Yes of course the rivet fills up all the spaces in the hole, but you now have a definite stress riser (or two) created in the fastener.

Now doing this with a reamed hole would require a custom made or modified dimpling tool to be machined on a lathe. Not difficult, but you just can't buy it from Aircraft Spruce off the shelf.

The reason is that the dimpling tools have a pilot that is the same size as the rivet shank. So if you drilled a #30 hole, inserted the #30 dimple tool and dimpled the hole, you cannot make the correct final hole by running a #30 reamer through it afterward.

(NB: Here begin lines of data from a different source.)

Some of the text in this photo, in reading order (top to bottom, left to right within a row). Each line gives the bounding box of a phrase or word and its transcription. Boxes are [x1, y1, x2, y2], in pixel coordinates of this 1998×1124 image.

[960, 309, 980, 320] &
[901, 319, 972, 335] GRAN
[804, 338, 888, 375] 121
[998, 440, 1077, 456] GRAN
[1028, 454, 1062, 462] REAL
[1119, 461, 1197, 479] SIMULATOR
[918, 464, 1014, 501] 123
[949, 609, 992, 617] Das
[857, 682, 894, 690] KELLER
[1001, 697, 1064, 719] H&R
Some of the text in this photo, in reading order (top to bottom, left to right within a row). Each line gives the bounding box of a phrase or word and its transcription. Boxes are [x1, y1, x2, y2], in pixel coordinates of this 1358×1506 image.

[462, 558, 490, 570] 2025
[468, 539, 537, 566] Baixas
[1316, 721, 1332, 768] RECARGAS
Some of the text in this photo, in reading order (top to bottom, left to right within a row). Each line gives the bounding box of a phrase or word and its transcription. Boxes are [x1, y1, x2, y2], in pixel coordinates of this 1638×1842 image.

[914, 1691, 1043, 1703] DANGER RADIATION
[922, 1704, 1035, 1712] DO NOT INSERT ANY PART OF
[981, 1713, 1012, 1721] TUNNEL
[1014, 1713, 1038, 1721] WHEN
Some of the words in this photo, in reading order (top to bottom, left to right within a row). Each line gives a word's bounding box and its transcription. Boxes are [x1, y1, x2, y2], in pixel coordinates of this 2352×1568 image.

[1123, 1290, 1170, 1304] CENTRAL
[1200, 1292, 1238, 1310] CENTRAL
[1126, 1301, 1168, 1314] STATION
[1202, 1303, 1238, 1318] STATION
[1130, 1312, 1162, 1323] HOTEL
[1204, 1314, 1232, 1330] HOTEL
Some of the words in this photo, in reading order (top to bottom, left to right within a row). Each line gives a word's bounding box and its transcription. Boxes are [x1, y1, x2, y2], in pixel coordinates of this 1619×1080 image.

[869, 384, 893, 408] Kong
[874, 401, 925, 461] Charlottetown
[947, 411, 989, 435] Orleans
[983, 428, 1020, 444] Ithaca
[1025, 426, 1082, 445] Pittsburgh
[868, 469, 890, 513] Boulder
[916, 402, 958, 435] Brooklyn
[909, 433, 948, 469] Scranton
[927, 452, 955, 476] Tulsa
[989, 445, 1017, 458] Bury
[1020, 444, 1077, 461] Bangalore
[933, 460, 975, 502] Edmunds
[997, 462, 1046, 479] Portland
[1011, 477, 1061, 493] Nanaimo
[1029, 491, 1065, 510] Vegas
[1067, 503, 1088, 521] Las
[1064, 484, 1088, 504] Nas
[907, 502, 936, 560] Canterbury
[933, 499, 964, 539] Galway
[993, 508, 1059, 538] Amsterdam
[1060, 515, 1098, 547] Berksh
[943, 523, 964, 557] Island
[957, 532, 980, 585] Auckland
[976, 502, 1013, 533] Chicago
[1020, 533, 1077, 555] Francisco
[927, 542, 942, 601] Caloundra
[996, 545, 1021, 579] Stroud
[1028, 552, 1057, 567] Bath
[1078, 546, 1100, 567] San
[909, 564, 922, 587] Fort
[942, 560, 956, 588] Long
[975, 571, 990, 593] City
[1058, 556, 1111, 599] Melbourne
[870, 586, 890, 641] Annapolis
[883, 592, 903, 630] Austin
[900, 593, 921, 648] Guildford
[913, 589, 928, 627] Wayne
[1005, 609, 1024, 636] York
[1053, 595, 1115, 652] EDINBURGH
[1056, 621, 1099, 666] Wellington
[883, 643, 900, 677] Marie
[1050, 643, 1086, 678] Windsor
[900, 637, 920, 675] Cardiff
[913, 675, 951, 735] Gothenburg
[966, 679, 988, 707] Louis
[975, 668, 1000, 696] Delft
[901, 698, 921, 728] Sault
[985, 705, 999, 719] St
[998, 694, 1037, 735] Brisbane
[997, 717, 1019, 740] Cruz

Or to put it another way, if you drilled #40 and used a #40 dimple tool, then tried to run a #30 reamer through it... the rivet shank would be a proper fit but the size of the dimple depression in the sheets would be too small for the #30 rivet head and it would not sit down flush.

So make a custom tool. A dimple die set that creates the proper size dimple for the AN426AD4 rivet but that has a #40 pilot and pilot alignment hole (instead of the normal #30).

Now you would drill a #40 size pilot hole, diimple it with this custom tool, then go back through the dimpled sheets with the #30 reamer to yield a perfect smooth dimpled hole for an AN426AD4 size rivet.

I would expect this new riveted joint to have the full shear strength of a regular AN470 "universal head" rivet, and I would expect the old textbook "jagged hole" method to have some amount less shear strength.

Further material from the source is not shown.